N6-Methyladenosine methylase METTL3 contributes to neuropathic pain by epigenetic silencing of mu opioid receptor

We aimed at exploring the role and mechanism of METTL3-mediated m6A modification in neuropathic pain. Male Sprague-Dawley rats were randomly divided into four groups: Sham operation group (Sham group), chronic constriction injury (CCI) of the sciatic nerve model group (NPP group), intrathecal injection of virus down-regulated METTL3 + CCI model group (M3 + NPP group) and intrathecal injection of negative control virus + CCI model group (Scr + NPP group). The M3 + NPP group and the Scr + NPP group were intrathecally injected with virus nineteen days before operation. The paw withdrawal mechanical thresholds and paw withdrawal latency were respectively recorded one day before operation, three days, five days and seven days after oper-ation. The rats were sacrificed on the seventh day after operation, and their spinal cord tissues were taken. The frozen sections of rats were performed to observe the expression of green fluorescent protein of the virus. The methylation level of RNA, the protein expression of m6A-related enzyme (METTL3) and mu opioid receptor (MOR) in spinal cord tissues of the four groups were measured.
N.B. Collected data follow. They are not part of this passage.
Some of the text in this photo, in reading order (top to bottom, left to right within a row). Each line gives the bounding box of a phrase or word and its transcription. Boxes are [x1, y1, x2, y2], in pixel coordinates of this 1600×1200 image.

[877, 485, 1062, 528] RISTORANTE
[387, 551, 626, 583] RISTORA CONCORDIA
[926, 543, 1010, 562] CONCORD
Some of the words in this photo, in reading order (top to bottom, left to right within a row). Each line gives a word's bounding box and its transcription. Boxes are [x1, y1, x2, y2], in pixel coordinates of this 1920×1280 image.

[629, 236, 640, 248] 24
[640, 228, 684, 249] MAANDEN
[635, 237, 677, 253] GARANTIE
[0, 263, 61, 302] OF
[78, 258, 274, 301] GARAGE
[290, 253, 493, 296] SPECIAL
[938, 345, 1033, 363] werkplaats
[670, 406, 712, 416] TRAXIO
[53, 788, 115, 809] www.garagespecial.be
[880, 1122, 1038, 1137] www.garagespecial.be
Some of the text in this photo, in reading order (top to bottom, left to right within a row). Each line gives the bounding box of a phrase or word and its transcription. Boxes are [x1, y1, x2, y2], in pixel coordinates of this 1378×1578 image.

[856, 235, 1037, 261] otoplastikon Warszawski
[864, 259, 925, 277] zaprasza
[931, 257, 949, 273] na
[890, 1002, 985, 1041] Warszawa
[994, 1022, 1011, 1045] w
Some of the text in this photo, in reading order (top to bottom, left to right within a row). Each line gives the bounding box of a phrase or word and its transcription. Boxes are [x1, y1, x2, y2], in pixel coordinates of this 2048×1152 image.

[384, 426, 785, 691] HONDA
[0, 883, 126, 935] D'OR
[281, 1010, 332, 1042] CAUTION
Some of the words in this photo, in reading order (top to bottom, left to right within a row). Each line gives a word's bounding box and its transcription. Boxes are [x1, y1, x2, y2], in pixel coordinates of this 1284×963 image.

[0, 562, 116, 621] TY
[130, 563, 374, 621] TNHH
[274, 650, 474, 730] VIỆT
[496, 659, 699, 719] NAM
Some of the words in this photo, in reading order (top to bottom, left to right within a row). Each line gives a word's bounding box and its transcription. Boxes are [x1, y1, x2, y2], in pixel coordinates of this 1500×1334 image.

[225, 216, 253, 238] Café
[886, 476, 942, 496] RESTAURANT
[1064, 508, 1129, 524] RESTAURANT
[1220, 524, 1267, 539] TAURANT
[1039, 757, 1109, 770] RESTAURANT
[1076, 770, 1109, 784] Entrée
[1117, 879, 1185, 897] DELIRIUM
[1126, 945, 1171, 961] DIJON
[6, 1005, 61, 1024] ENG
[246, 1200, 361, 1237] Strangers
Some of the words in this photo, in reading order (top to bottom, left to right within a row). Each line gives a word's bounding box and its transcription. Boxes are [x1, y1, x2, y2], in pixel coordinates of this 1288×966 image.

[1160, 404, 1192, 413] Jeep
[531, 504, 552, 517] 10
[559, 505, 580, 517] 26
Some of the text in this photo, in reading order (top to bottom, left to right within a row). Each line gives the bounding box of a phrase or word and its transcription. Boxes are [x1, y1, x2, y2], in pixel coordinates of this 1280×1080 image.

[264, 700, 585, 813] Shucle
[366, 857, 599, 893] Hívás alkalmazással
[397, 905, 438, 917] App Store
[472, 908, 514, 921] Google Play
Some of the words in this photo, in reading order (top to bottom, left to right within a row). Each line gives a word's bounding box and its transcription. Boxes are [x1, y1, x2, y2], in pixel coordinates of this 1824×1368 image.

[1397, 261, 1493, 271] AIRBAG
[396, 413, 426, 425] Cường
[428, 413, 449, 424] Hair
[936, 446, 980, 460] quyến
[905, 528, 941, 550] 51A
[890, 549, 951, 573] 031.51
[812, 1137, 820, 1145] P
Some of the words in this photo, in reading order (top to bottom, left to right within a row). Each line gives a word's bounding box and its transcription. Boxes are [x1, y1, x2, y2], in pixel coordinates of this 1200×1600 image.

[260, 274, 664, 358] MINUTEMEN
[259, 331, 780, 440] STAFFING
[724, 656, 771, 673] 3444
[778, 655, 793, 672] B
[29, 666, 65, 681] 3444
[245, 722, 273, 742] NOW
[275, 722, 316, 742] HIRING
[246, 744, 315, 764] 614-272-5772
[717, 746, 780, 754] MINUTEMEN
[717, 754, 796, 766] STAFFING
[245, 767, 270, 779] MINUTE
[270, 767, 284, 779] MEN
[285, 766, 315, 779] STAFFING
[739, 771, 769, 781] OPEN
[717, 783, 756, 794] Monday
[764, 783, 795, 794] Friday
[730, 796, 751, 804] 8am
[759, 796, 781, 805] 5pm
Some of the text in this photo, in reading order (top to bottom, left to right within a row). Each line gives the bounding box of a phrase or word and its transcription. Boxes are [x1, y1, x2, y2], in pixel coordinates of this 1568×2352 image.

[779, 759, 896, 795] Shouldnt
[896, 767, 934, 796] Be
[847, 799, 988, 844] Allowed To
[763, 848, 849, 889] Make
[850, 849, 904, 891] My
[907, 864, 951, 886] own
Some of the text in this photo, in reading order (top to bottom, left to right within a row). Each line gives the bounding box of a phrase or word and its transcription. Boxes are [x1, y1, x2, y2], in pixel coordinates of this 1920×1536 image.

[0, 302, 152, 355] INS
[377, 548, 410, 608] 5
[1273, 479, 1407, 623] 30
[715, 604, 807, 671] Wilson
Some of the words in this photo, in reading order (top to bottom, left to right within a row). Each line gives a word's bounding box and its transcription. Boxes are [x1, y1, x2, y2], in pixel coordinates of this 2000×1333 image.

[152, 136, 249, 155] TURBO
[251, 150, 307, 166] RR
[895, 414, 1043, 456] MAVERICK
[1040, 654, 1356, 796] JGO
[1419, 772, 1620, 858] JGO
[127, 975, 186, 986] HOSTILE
Downregulation of METTL3 had no effect on the overall methylation level of the spinal cord, but it could regulate the methylation level of the OPRM1 gene RNA encoding MOR, partially restore the expression of MOR, and relieve pain in rats. In the process of NPP, METTL3 may inhibit the expression of MOR by regulating the methylation level of OPRM1 gene RNA encoding MOR, and ultimately promote the occurrence and development of NPP.